Pakistan and India have seen historic conflict over borders and historical events, especially the brutal partitioning of British India into India and Pakistan in 1947. Recently tensions have been soaring between the two after four Indian nationals were linked by Pakistan to terror attacks in the country.
Indian government officials told the Times of India that the US blocked, and terminated, a proposal to proscribe an Indian national by the UN Security Council (UNSC) 1267 sanctions committee.
Venu Madhav Dongara, an engineer with an Indian construction company active in Afghanistan, is one of the four Indians linked with terror attacks in Pakistan.
Pakistan was attempting to get Dongara listed as a global terrorist by the UNSC committee, with support from China.
The UNSC 1267 committee was set up to oversee measures imposed terrorist groups operating in Afghanistan, such as ISI, Al-Qaida and other associated individuals.
It comprises of China, the US, the UK, France and Russia as it’s five permanent members, along with 10 non-permanent members.
In September last year, the US had placed the terror charge proposal on technical hold, with the hopes Pakistan would produce more evidence against Dongara.
Pakistan did not present fresh evidence, but still insists on his listing by the UNSC.
The US therefore informed the UNSC committee that it would be blocking, and as a result terminating, the measure.
Pakistan, if they desire to continue targeting Dongara, will now need to seek a new proposal.
India and the US had saw the attempted charge on Dongara as revenge for the UN ban on Jaish-e-Mohammed chief Masood Azhar last year.
China attempted on four occasions to block the proposed ban on Azhar before eventually falling in line with other UNSC members in 2019.
Pakistan had for years claimed that there was no “solid evidence” against Azhar, and used Indian national Kulbhushan Jadhav to back it’s allegations that India was aiding anti-Pakistan terror groups.
Islamabad also launched fresh efforts to prove India harboured terrorists after China allowed the ban to go ahead.

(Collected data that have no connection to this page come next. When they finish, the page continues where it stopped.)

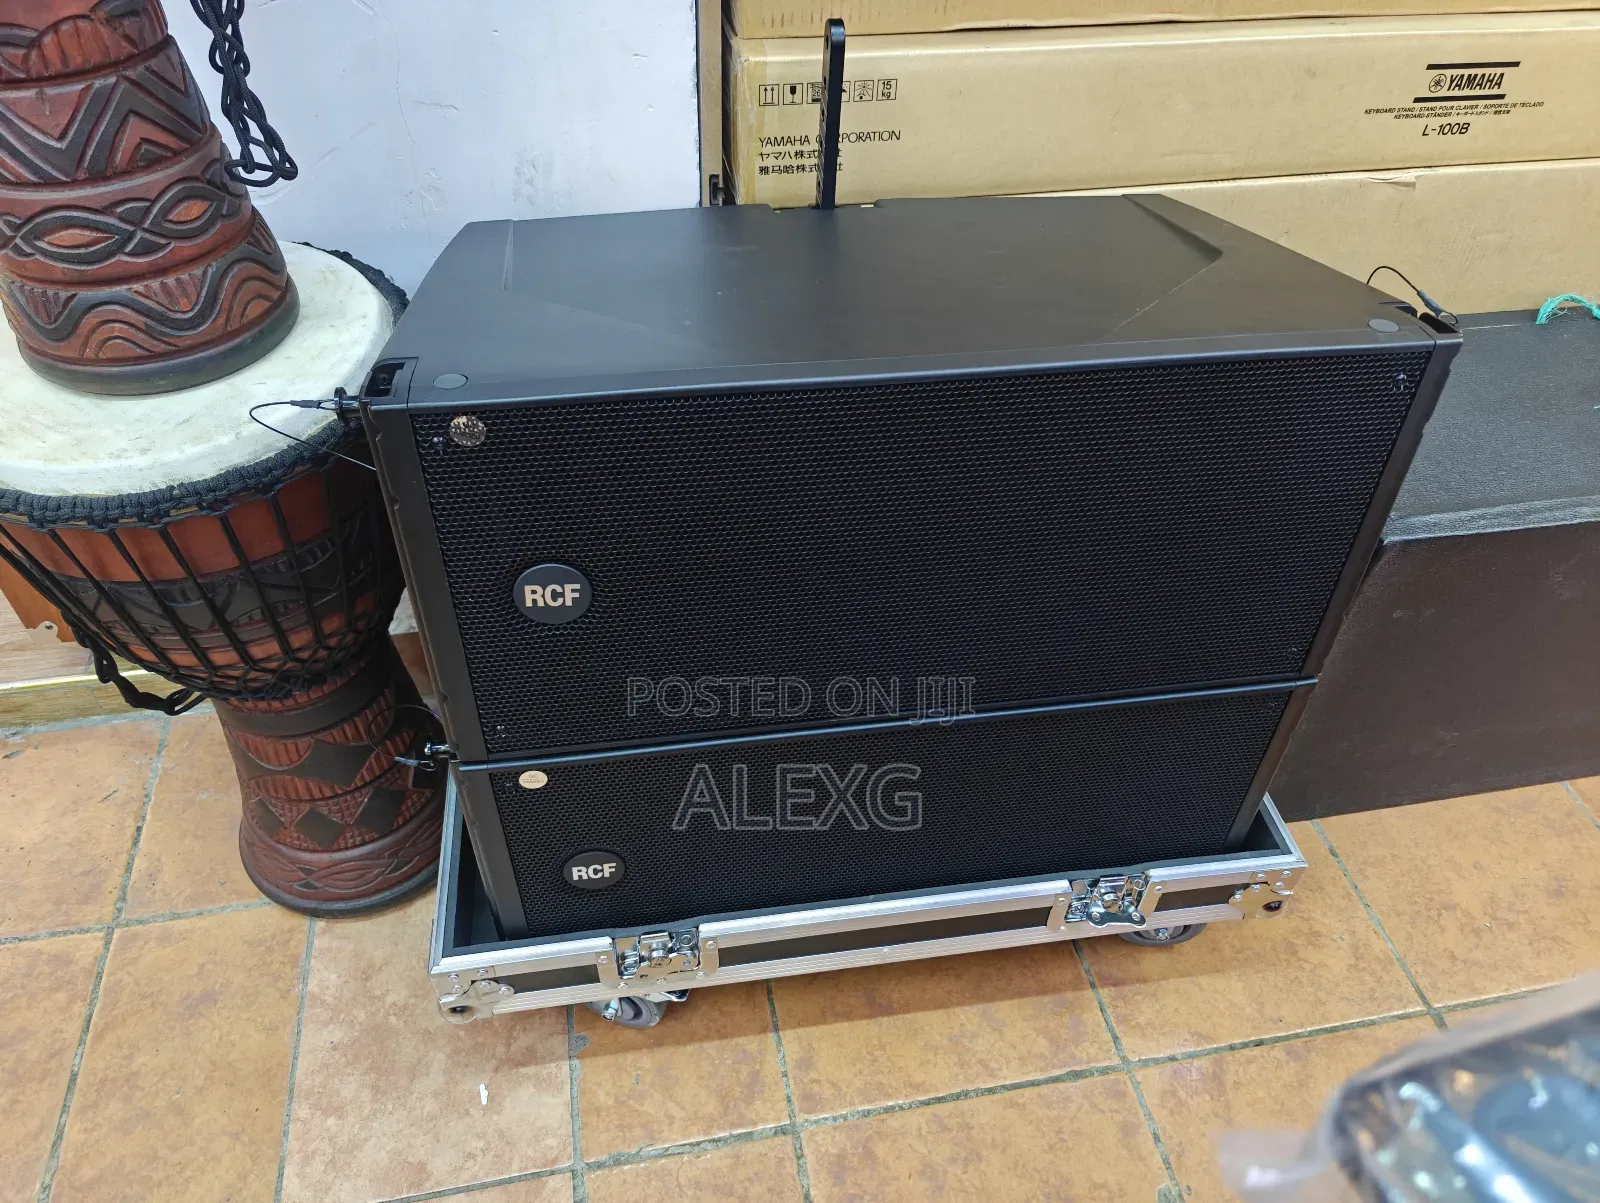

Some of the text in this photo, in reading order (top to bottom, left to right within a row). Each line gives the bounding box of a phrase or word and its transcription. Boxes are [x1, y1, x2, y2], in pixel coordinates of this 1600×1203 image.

[881, 80, 893, 91] 15
[1447, 72, 1505, 92] YAMAHA
[881, 90, 892, 99] kg
[1364, 107, 1396, 115] KEYBOARD
[1483, 102, 1510, 110] SOPORTE
[1422, 122, 1471, 137] L-100B
[758, 130, 901, 148] YAMAHA PORATION
[758, 148, 843, 161] ヤマハ株式
[758, 161, 844, 176] 雅马哈株式
[524, 583, 581, 608] RCF
[571, 862, 617, 881] RCF

Islalmabad had almost “on the bounce” prepared a “fictional” dossier on Dongara accusing him of financing terrorism and linking him to radical terror group Tehrik-i-Taliban Pakistan, according to Indian government sources.
This was also followed with similar allegations on three other Indian nationals working with an Indian firm in Afghanistan, all of which have since returned to India.
An anonymous Indian official said: “We never really expected Pakistan to come up with any serious evidence.
“In Azhar’s case, even China had to unblock the proposed ban because he hadn’t just masterminded terror attacks but was also heading an organisation already proscribed by the UN.
“We do hope Pakistan will learn a lesson from this and not insist on a ban on other Indian nationals it has falsely linked with terrorism.”
It comes as China and India have seen conflict on the Galwan Valley border near Kashmir, with June 16 seeing 20 Indian soldiers killed by Chinese forces.
Chinese strategic experts have warned India “not to take a dig at China as it does with Pakistan and other neighbouring countries.”
Lin Minwang, a professor at Fudan University’s Center for South Asian Studies in Shanghai, said: “It is normal to see heated nationalism in India, but we don’t need to worry whether nationalism will hijack the policymaking of India to further provoke China.
“When India is in conflict with Pakistan or other neighbours, nationalism might drive New Delhi to take actual operations, but when it comes to China, it is a different story.”
The US’ involvement in the block underlines the Indo-US alliance, and comes amidst their own rising tensions with China, who are closely aligned with Pakistan through a satellite programme and a proposed “economic corridor” of trade.